Patience is a multipurpose thread sewn into the fabric of our lives. It makes us strong— and yet soft. It holds us together and gives us the ability to cover others.
The weaving of patience is intricate and sometimes difficult. The needle pricks and stings. But in the end we will enjoy the masterpiece it has made of our lives.

Patience with Circumstances

I once had an heirloom fig sprout that came from my grandmother’s tree. I planted it in my yard and babied it until it actually had a few leaves. In a way, it kept my grandmother close.

Our yard was large and Neal bought a riding lawn mower. I don’t know what happens to a man’s psyche when gas fumes and wheels get together, but he mowed that yard like he was in NASCAR. I heard him fire up the engine and my first thought was, fig tree!

I ran outside and frantically waved my hands but his focus was on that first lap not on me or on my tree. It was gone. Cut off in the sprig of life. Everything screamed its over and I believed it.

But nature is patient and determined. What I didn’t know is that life continued where I couldn’t see, hidden in the darkness of earth. My fig’s roots continued to grow strong and one day, barely visible in the grass were two tiny fig leaves!

My tree survived and grew. Not only was it like having my grandmother close by but it also reminded me that things are not always as they appear.

Patience has to be exercised.

I’ve been strength training. It’s hard. I can think of a lot more fun things I’d rather be doing! But after a few weeks lifting weights gets easier, that is until five more pounds are added to the barbell. I grunt, sweat, grit my teeth (hey, we are talking about ten pounds here!) and want to just drop those stupid weights and quit. Sometimes I do, for a little while. But the truth is, I can’t quit. And the end result makes me stronger.

Patience is a lot like that. I’ve been grappling with one circumstance for twenty years. It is one of those “one step forward, two steps back” kind of things. And over the years the waltz has continually danced backward. I want to quit and sometimes I do. But not for long. I can’t.
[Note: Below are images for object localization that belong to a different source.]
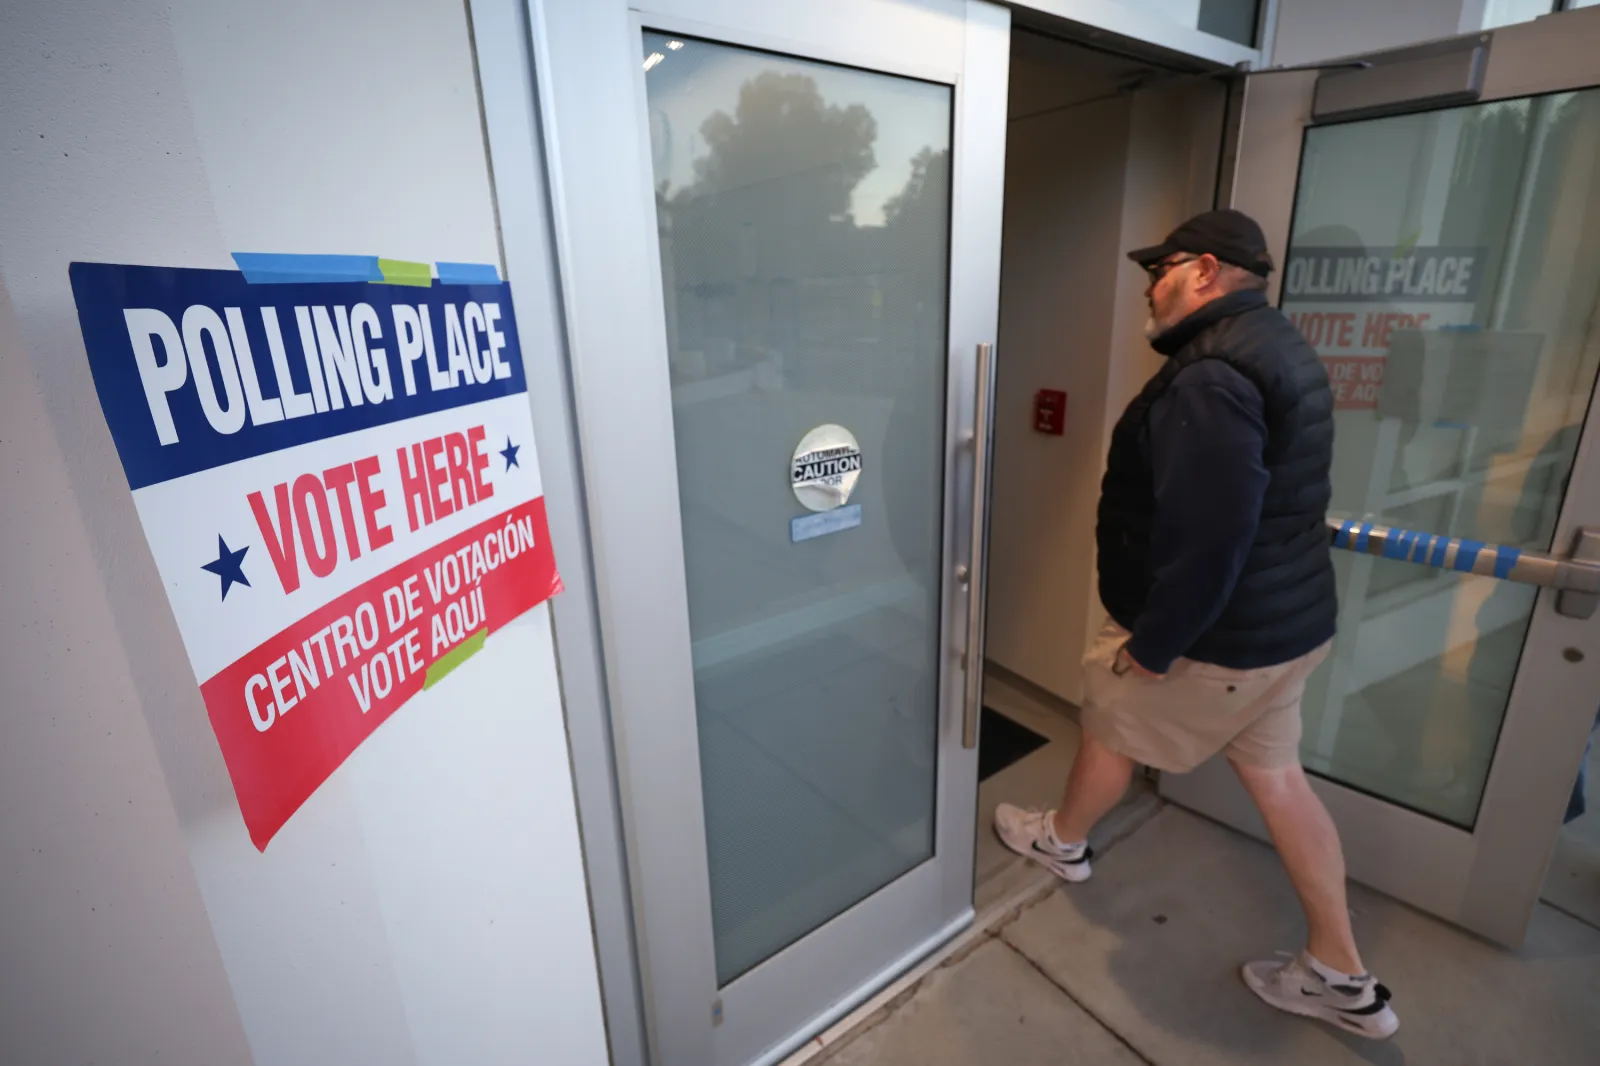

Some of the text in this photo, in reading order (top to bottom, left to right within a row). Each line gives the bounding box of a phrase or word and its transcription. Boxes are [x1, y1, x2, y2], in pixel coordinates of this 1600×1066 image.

[1286, 256, 1475, 295] OLLING PLACE
[122, 301, 512, 447] POLLING PLACE
[1333, 362, 1357, 381] DE
[246, 424, 494, 596] VOTE HERE
[793, 455, 861, 482] CAUTION
[243, 514, 536, 734] CENTRO DE VOTACIÓN
[347, 577, 487, 715] VOTE AQUÍ
I cry out, “How long will this take?” The answer? “As long as it takes.” I have a choice. Will I exercise patience and let it make me stronger? Or will I quit? Either way, just like the fig tree, it will eventually work out. The question is what will I become in the process? Will I allow my life to be darkened or deepened?

Patience is an active practice that flies in the face of circumstances. It gives us the upper hand, the victory within our souls. And remember, that is where life resides— not in our circumstances.